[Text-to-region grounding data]
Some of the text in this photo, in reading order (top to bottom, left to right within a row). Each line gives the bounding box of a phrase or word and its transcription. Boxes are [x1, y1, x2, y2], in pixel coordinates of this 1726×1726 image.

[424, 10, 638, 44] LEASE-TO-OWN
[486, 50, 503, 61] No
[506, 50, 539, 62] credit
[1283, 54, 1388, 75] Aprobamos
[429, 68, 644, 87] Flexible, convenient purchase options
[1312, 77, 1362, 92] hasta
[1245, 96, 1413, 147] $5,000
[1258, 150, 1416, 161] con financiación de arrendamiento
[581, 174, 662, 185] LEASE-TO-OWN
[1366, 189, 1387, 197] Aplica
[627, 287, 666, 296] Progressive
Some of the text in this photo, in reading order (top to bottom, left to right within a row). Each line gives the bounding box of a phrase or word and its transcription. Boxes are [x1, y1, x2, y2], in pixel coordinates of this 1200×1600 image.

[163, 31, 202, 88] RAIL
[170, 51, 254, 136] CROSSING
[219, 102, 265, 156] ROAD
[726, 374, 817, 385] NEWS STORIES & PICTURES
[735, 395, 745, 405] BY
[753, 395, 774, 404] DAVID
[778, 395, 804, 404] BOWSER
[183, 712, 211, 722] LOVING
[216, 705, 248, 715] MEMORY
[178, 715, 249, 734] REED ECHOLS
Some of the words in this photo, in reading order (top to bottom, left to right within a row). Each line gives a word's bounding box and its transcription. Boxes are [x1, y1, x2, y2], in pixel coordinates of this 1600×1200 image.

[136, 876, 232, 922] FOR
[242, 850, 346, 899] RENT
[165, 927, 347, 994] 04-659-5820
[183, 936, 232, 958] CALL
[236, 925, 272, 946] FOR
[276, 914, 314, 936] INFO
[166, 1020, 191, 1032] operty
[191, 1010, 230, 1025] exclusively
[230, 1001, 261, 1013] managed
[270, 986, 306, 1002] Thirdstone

● **What is expected**: Word for word, restate the lines running from the one containing "Some of the words" through the final line of the records above, and nothing besides.

● **Task output**:
Some of the words in this photo, in reading order (top to bottom, left to right within a row). Each line gives a word's bounding box and its transcription. Boxes are [x1, y1, x2, y2], in pixel coordinates of this 1600×1200 image.

[136, 876, 232, 922] FOR
[242, 850, 346, 899] RENT
[165, 927, 347, 994] 04-659-5820
[183, 936, 232, 958] CALL
[236, 925, 272, 946] FOR
[276, 914, 314, 936] INFO
[166, 1020, 191, 1032] operty
[191, 1010, 230, 1025] exclusively
[230, 1001, 261, 1013] managed
[270, 986, 306, 1002] Thirdstone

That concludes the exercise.